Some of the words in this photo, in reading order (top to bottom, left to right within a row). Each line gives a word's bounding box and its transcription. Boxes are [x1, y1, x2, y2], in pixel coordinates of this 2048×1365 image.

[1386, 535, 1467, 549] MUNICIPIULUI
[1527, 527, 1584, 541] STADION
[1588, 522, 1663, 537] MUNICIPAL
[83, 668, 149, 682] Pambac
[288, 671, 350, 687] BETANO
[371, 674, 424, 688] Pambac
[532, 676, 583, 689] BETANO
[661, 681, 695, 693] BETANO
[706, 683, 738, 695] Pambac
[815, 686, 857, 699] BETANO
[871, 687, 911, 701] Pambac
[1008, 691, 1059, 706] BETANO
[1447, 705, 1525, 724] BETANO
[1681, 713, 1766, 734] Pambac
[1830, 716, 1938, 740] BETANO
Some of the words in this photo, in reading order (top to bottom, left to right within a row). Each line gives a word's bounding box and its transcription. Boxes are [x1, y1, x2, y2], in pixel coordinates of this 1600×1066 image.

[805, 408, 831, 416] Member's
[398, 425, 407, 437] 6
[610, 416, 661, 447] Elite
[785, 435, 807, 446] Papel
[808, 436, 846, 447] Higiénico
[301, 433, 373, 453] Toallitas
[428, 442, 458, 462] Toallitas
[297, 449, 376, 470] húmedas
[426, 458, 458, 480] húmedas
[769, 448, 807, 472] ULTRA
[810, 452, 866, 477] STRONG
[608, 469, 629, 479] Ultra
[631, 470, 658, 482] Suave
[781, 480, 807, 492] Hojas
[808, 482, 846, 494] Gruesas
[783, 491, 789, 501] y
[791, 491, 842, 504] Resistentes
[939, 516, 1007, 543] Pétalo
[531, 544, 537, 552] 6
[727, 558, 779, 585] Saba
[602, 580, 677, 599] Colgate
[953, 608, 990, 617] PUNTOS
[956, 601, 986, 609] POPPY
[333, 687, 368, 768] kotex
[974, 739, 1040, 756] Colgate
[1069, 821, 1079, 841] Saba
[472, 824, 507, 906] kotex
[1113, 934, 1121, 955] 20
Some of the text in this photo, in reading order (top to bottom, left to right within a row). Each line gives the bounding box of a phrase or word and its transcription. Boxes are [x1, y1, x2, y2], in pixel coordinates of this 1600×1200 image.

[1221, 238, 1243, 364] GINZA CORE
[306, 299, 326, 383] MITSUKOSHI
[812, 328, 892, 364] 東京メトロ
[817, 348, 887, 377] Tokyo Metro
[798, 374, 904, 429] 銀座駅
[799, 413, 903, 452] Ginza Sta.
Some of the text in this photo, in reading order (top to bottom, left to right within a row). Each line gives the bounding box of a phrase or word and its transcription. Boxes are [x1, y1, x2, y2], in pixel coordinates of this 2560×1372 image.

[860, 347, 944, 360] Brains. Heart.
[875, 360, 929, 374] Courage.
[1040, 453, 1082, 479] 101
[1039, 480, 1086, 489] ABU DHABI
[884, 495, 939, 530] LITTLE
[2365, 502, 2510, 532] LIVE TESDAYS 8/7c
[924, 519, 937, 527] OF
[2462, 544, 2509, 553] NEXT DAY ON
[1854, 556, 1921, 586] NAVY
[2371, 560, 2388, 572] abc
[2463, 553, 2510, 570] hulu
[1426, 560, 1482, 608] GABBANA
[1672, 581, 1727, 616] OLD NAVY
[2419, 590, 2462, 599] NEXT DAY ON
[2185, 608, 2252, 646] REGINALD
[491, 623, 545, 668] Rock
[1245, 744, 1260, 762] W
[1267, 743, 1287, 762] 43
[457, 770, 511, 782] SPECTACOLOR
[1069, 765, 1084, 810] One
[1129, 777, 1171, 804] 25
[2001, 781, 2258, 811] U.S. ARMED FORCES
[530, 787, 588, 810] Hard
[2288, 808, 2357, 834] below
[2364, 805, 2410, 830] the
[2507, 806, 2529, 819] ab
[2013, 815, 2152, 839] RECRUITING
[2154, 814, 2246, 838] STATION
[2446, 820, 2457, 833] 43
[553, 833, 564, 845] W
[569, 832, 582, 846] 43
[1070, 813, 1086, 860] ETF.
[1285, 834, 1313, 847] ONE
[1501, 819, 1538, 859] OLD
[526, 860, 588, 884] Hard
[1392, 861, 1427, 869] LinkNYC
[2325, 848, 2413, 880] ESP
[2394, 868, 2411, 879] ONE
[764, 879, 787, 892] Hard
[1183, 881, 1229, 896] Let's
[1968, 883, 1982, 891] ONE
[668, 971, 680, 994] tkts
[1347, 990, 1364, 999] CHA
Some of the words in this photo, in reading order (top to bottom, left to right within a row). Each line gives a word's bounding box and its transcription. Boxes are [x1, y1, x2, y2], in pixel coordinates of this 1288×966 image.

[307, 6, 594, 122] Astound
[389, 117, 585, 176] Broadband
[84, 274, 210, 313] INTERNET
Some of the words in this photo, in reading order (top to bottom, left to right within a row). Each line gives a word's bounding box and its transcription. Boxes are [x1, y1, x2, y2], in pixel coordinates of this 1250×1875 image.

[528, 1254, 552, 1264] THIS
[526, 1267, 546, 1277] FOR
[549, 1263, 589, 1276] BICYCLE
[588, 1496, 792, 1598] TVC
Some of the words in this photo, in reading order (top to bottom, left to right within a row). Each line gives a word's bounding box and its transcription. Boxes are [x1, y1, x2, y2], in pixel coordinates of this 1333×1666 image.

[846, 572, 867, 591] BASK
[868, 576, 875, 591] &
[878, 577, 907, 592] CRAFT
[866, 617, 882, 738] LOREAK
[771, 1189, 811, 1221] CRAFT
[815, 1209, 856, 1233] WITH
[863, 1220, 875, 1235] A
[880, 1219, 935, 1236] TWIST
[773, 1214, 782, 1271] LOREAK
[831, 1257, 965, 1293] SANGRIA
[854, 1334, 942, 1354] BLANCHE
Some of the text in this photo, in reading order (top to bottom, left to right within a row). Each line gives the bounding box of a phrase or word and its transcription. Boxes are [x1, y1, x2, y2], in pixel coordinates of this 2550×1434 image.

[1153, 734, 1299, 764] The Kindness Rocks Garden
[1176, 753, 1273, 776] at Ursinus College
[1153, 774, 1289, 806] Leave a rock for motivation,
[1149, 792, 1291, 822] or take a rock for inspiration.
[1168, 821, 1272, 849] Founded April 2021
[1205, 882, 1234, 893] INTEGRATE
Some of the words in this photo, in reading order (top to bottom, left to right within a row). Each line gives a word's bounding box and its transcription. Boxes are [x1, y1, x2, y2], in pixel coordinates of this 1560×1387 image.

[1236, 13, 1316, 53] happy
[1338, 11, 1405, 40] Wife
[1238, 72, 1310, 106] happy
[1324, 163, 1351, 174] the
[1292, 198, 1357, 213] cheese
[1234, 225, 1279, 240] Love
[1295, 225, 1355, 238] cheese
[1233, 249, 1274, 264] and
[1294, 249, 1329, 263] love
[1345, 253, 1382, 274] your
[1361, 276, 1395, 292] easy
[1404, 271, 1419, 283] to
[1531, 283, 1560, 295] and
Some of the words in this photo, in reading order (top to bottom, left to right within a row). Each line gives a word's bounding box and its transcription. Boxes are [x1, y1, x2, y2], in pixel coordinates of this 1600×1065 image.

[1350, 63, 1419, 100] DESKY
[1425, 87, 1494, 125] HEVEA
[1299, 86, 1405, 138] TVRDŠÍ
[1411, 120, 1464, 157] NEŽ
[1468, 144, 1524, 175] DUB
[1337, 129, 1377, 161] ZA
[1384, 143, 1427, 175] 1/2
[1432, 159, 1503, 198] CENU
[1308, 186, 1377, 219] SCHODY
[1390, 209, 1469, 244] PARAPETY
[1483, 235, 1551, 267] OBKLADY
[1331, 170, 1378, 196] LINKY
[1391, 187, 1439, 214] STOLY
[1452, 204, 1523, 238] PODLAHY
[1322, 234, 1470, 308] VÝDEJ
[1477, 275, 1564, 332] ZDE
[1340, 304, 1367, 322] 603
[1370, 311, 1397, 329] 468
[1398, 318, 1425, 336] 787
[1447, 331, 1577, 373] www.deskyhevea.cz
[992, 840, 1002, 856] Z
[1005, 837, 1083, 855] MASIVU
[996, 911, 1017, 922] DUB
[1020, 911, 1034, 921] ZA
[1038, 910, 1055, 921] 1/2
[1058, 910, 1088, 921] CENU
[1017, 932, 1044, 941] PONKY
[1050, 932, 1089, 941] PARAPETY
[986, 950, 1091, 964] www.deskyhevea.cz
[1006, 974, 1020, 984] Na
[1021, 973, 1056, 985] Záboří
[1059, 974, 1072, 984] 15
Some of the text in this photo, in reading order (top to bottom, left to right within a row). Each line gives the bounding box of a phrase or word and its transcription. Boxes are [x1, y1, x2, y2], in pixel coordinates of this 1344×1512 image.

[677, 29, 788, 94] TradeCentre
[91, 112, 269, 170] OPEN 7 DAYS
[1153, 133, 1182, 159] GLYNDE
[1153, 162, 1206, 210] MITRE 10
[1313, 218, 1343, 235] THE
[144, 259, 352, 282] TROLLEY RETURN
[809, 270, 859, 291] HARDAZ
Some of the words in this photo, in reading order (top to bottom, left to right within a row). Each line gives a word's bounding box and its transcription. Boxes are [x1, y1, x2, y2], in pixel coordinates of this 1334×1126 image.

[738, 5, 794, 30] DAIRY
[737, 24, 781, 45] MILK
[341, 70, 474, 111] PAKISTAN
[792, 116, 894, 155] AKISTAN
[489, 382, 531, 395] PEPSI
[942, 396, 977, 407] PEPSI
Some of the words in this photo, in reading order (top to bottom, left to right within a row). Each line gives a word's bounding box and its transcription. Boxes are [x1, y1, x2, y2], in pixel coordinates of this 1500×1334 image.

------------------------------------------------------------------------

### [Problem statement]
Starting at the line in the records above that contains "this 1334×1126 image.", output every line up to and including the last one, with nothing added.

### [Solution to the exercise]
Some of the words in this photo, in reading order (top to bottom, left to right within a row). Each line gives a word's bounding box and its transcription. Boxes are [x1, y1, x2, y2], in pixel coordinates of this 1334×1126 image.

[738, 5, 794, 30] DAIRY
[737, 24, 781, 45] MILK
[341, 70, 474, 111] PAKISTAN
[792, 116, 894, 155] AKISTAN
[489, 382, 531, 395] PEPSI
[942, 396, 977, 407] PEPSI
Some of the words in this photo, in reading order (top to bottom, left to right within a row). Each line gives a word's bounding box and its transcription. Boxes are [x1, y1, x2, y2], in pixel coordinates of this 1500×1334 image.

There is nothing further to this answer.